World Liberty Financial Proposes Multi-Year Vesting and Token Burn for 62 Billion WLFI

2 hour ago 7 sources neutral

Key takeaways:

  • Governance overhaul signals WLFI's attempt to restore credibility amid legal threats and investor backlash.
  • Extended vesting schedules may reduce near-term selling pressure but could deter new investor interest.
  • Watch for token burn execution as a potential short-term catalyst, though structural concerns remain.

Decentralized finance platform World Liberty Financial (WLFI) has put forth a governance proposal to restructure the unlock schedule for a massive 62.28 billion of its currently locked WLFI tokens. The plan introduces new, extended multi-year vesting schedules and includes a potential token burn mechanism.

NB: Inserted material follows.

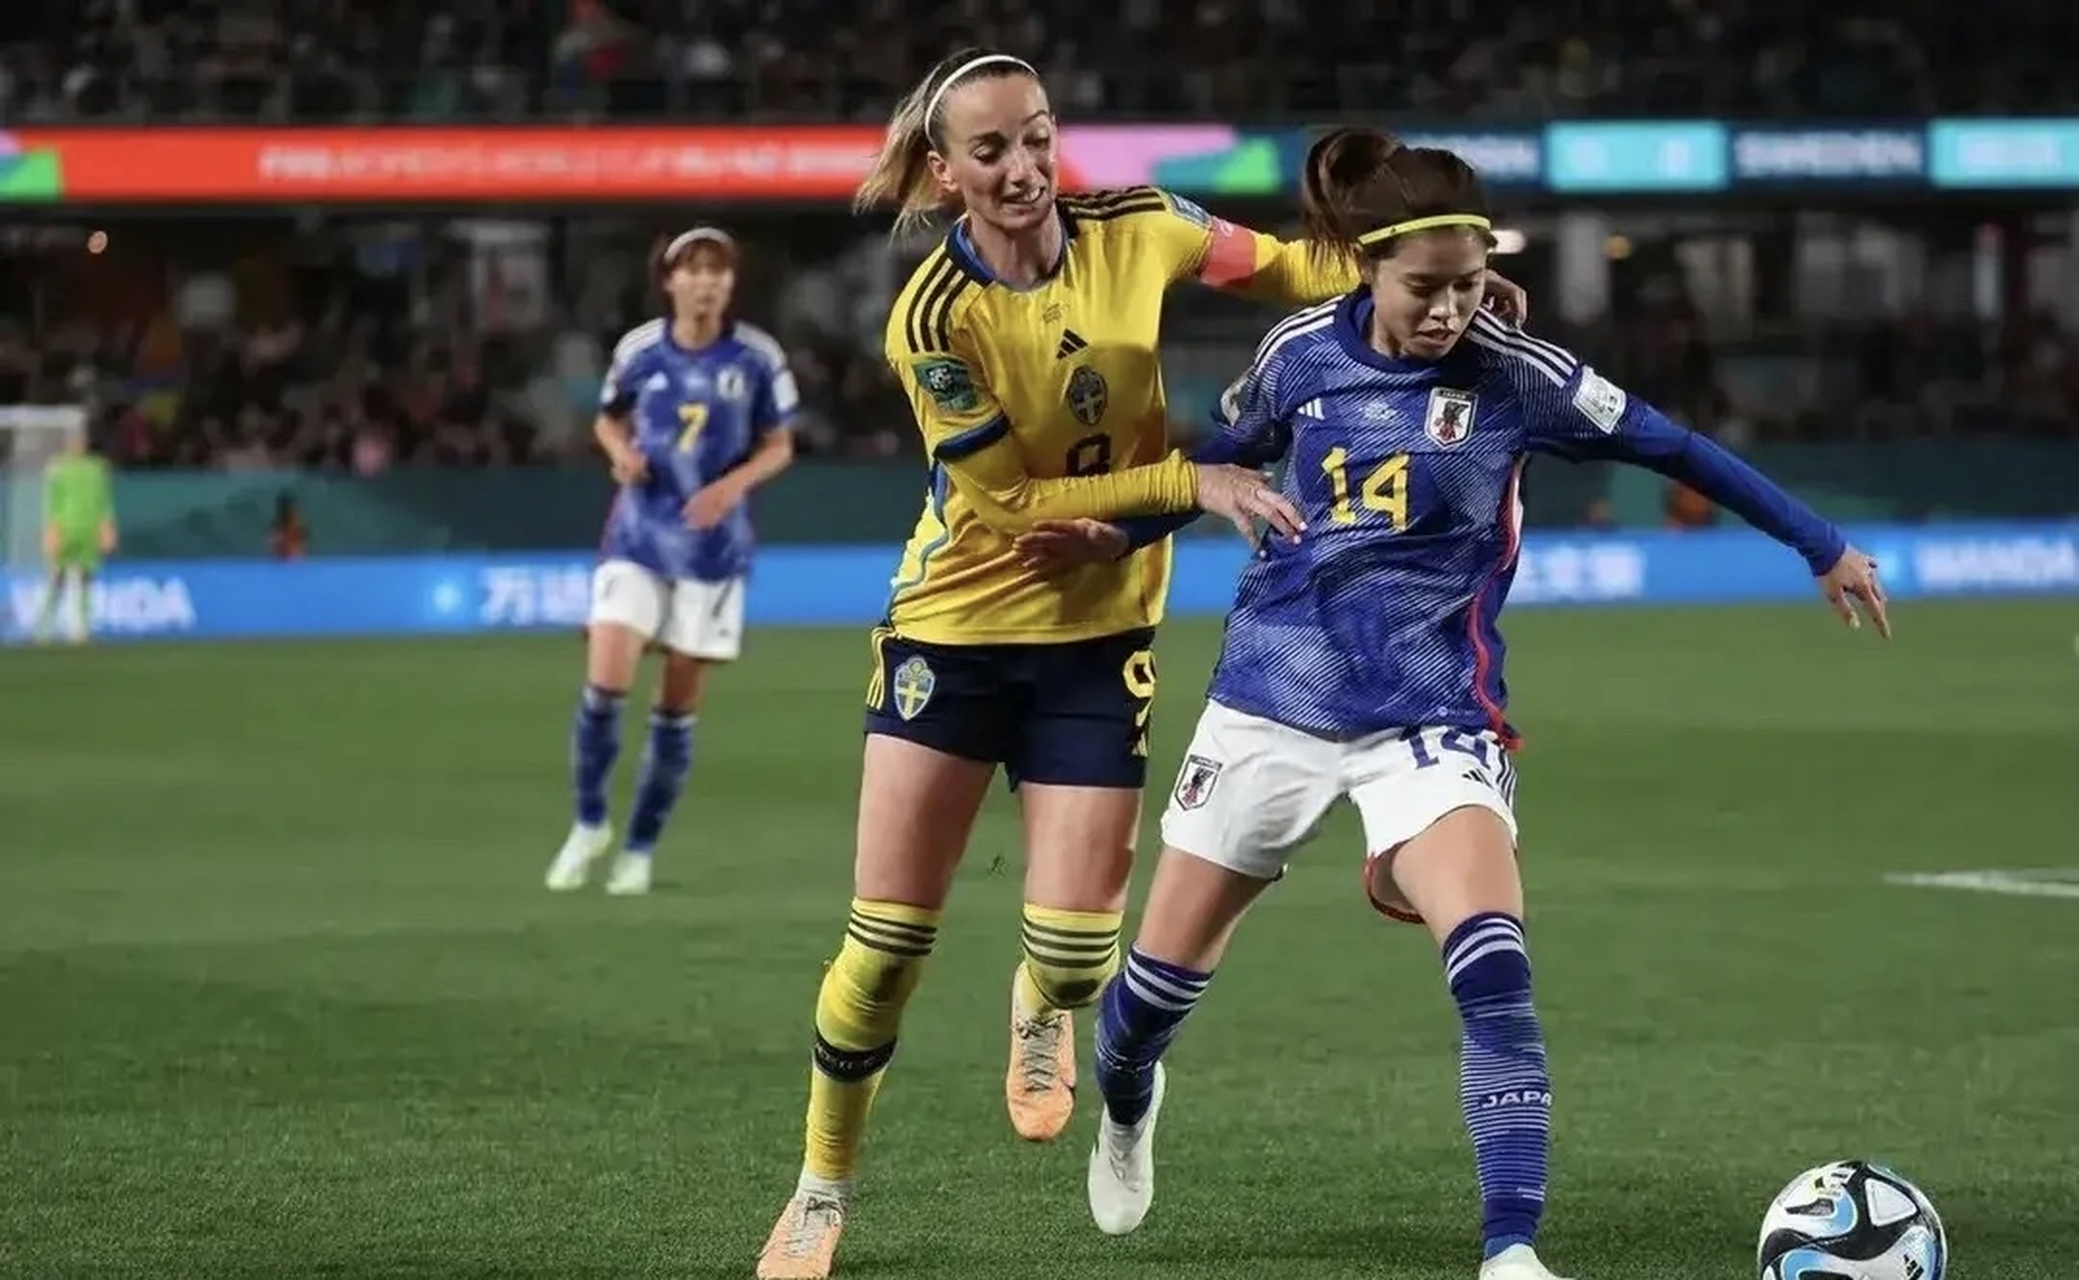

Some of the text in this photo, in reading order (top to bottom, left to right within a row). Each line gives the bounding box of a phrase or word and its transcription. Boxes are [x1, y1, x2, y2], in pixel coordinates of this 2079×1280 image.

The proposal outlines a two-year cliff followed by a two-year linear vesting period for tokens allocated to early supporters. For founder, team, adviser, and partner allocations, the terms are more stringent: a two-year cliff followed by a three-year linear vest, but only if those holders opt into the new agreement. The plan also provides for a burn of up to 4.52 billion WLFI tokens, which represents 10% of the total allocation for founders, team, advisers, and partners. Holders who do not accept these new terms would see their tokens remain locked indefinitely.

This move formalizes a phased unlock approach previously hinted at by the project, aiming to provide a structured release of tokens while avoiding a sudden, near-term increase in circulating supply. The proposal comes at a time when the Trump-linked platform is facing growing pressure from its token holders and broader scrutiny over its governance practices.

The governance proposal follows mounting criticism from early WLFI buyers who have expressed frustration over prolonged token lockups and limited liquidity. On April 10, the project announced it would introduce this proposal after some holders threatened legal action. Scrutiny further intensified around the platform's governance structure and decision-making transparency.

On April 13, Tron founder Justin Sun, a previous investor of $30 million in WLFI, publicly criticized the platform, alleging that prior governance votes were dominated by a small number of wallets and lacked meaningful participation. In response, WLFI threatened to file a lawsuit against Sun. On the same day, Sun urged WLFI to disclose who controls key wallets tied to its smart contracts, warning that the setup could allow for significant control, including the ability to freeze tokens.

The proposal also follows recent market turmoil for WLFI. On April 11, the token fell to a new all-time low. This decline occurred just days after wallets linked to the project used billions of WLFI tokens as collateral to borrow approximately $75 million in stablecoins, raising concerns about treasury activity.